Sunday, September 4, 2011

Starting Again

I have been journaling for several years now and have decided to take my journaling into the blogging arena. After all, I have a lot to say. I have been through much in my lifetime, much and have pushed all of my experience through my head and heart. There are many times through out the day that I get insight into my experience. There is a lot of it, really and it keeps coming. I want to document it here, so that I can ground it, bring it to life. Bring it in and give it legs, make it walk. Currently, a lot of my insight just sorts of floats in through me and then out without gaining form. I want to give my creations form. Give it a body and turn it loose.

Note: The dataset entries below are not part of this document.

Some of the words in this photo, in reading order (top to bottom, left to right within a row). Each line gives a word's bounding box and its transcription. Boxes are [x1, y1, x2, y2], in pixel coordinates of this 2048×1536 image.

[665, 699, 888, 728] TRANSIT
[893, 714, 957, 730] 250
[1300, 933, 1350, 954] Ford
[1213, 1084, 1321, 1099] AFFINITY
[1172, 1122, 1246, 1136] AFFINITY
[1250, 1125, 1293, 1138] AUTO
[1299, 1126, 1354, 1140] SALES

For some reason, the though of blogging would not leave me today. It is the a.m. of Labor Day. I haven't been to bed yet, so I call it the day before but technically, it is Labor Day. I took myself out tonight for some pizzeria pizza and a salad, yum and while I was sitting there, blogging kept running through my thoughts. Not sure why, but here I am.

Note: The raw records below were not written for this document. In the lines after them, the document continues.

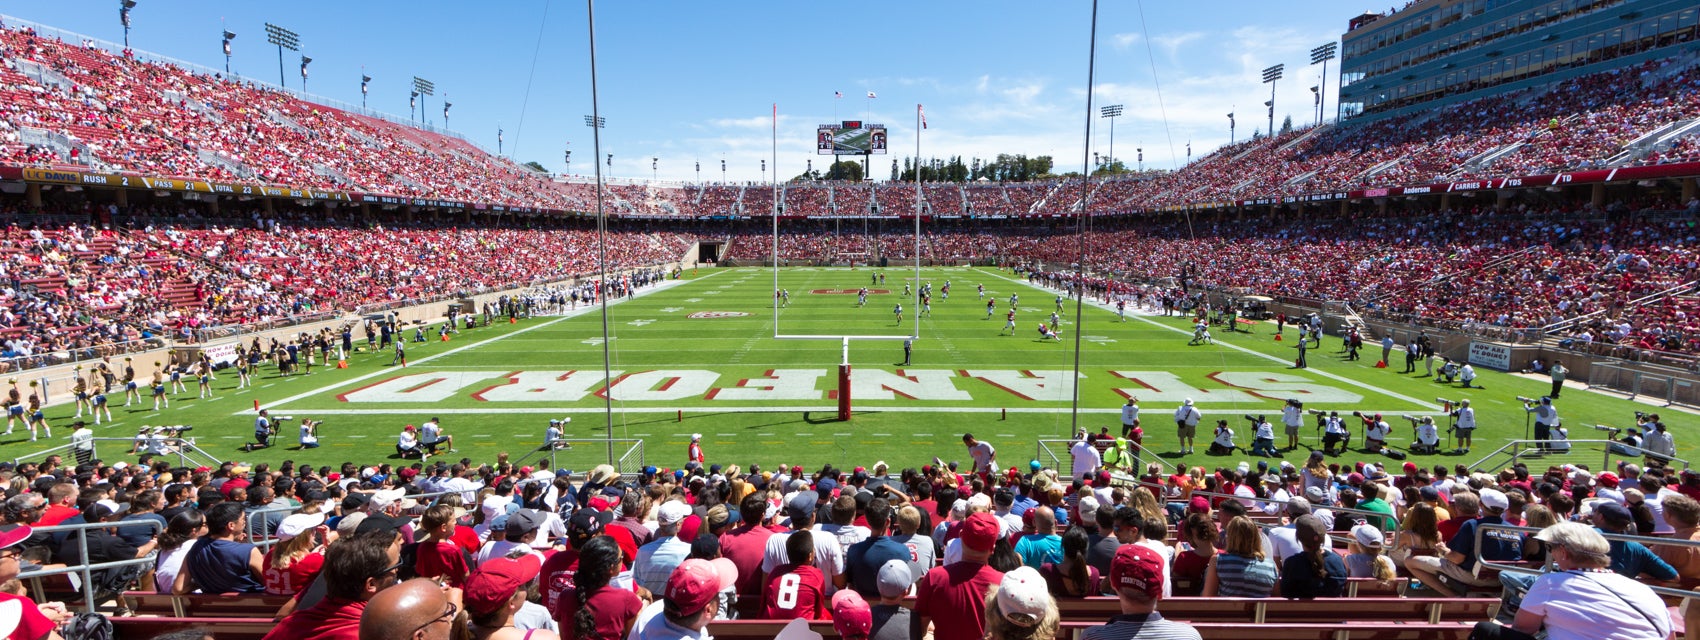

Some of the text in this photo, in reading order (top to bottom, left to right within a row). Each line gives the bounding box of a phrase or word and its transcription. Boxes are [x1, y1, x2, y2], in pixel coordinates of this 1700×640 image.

[45, 172, 76, 181] DAVIS
[84, 175, 128, 186] RUSH 2
[154, 180, 195, 190] PASS 21
[215, 185, 252, 194] TOTAL 23
[1455, 182, 1480, 190] CARRIES
[1403, 186, 1431, 195] Anderson
[1482, 351, 1507, 360] DOING?
[336, 369, 1364, 403] STANFORD
[265, 569, 295, 594] 21
[1121, 577, 1146, 589] STANFORD
[777, 573, 801, 610] 8

What a beautiful evening it was tonight. There is nothing like driving with the top down on a summer's evening. I have been stuck on Human Touch by Bruce Springstein. When that song first came out, while it was a hit on the radio and I remember liking the song, it never really meant that much to me. I am finding that there are songs now that maybe I liked or didn't like in the past, that I can now relate to. It's like foods. You know, when you're little you don't like onions but as an adult somehow onions start appearing in a lot of your food choices. I used to have to scrape the onions off of the little McDonalds hamburgers when I was a kid. Couldn't eat them and if I happened upon an onion, it ruined my meal. Now, I am ordering them on pizza. PIZZA! Life is funny. I don't know where or when it happened but suddenly I am putting onions on one of my favorite foods.

So, back to music and life. I see that we resonate with things in our lives but as we grow, that resonance changes. And maybe, just maybe, if you aren't growing, then the same things will resonate with you throughout your entire life. You know those people in high school who have the same friends, listen to the same music and have the same hairstyle? I am guessing that those people haven't changed much in their lives and their outward appearance is just a reflection of things staying the same. Which is fine-there's no right or wrong way to live.

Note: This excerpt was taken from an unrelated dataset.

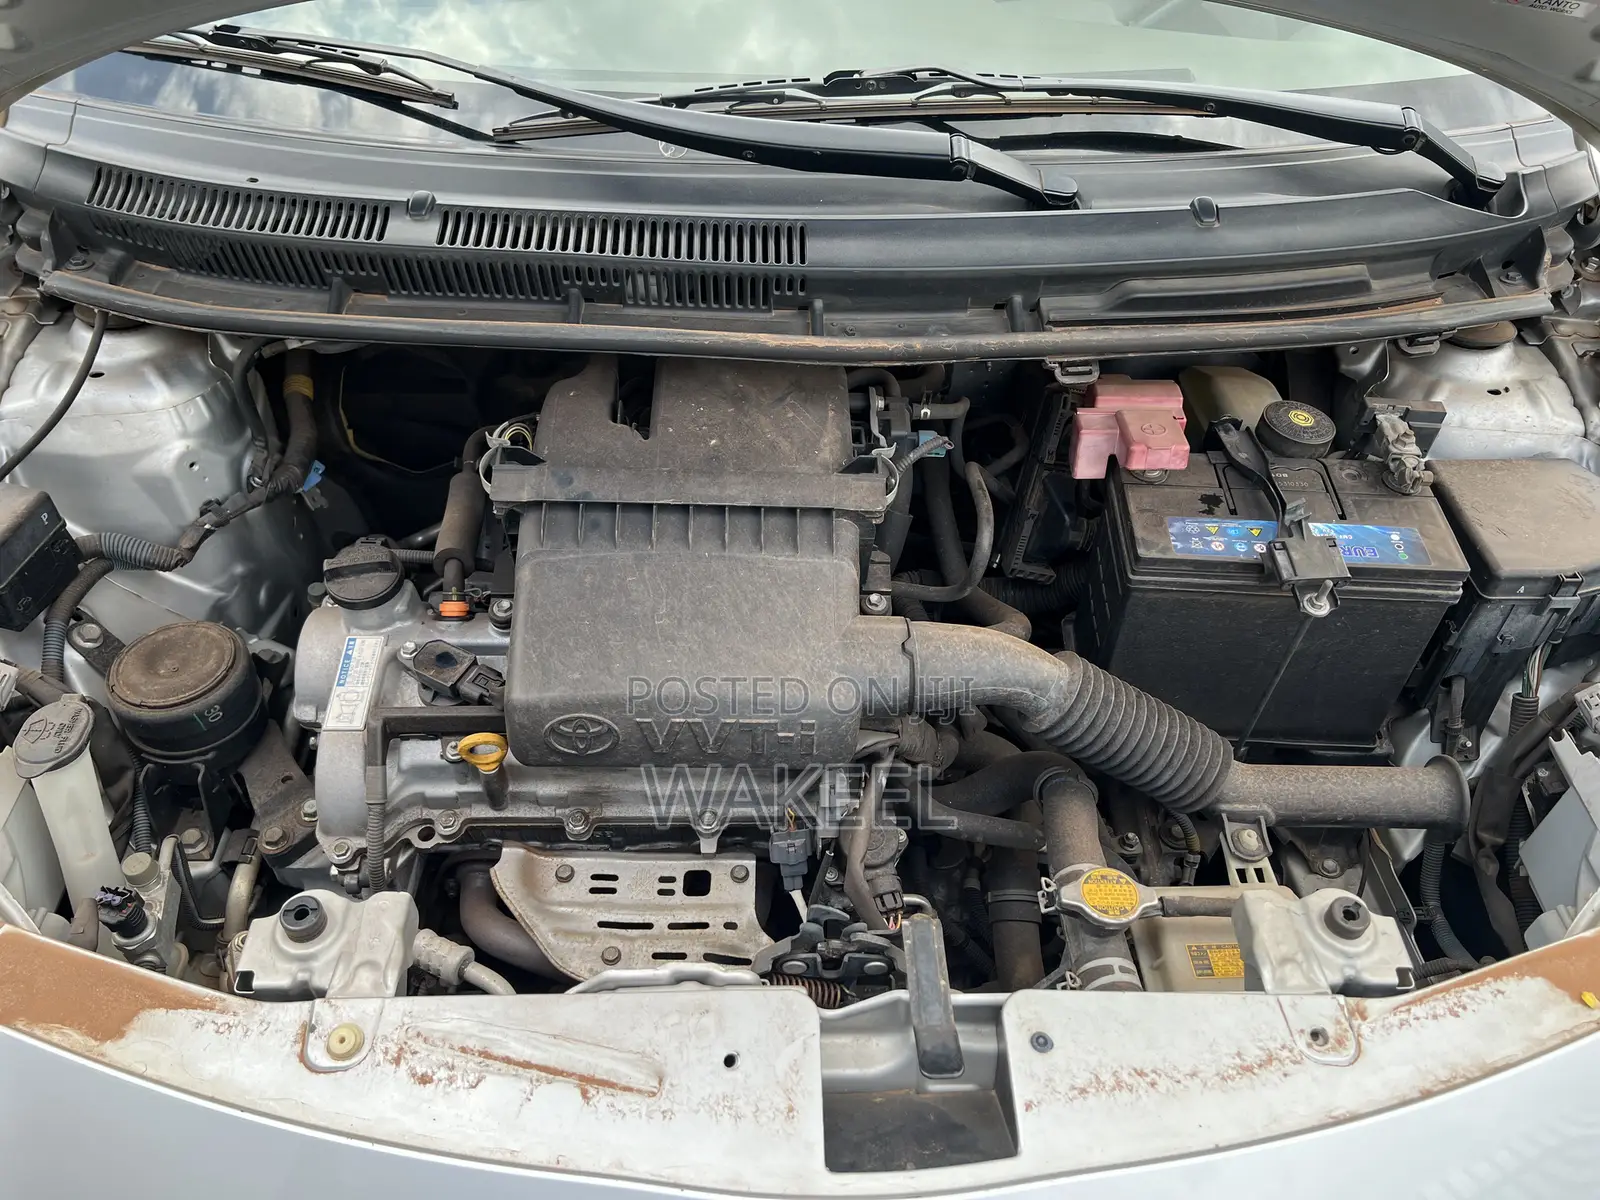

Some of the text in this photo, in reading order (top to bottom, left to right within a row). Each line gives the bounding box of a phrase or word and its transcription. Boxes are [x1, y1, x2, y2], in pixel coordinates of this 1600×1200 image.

As I reflect on my life and all of the change which I have sustained, I can't imagine life any other way. For me, there was no trying to change it just continued to happen. Kind of like that internal drive a child has to learn to talk and walk. It just happened. It was innate. And, as proof of my internal changes, I am a proud member of the hair of the month club. My hair color changes constantly. That is just a small example of how we show ourselves to the world.

Well, that is my introduction back into the blogging arena. We'll see where this goes, if any where.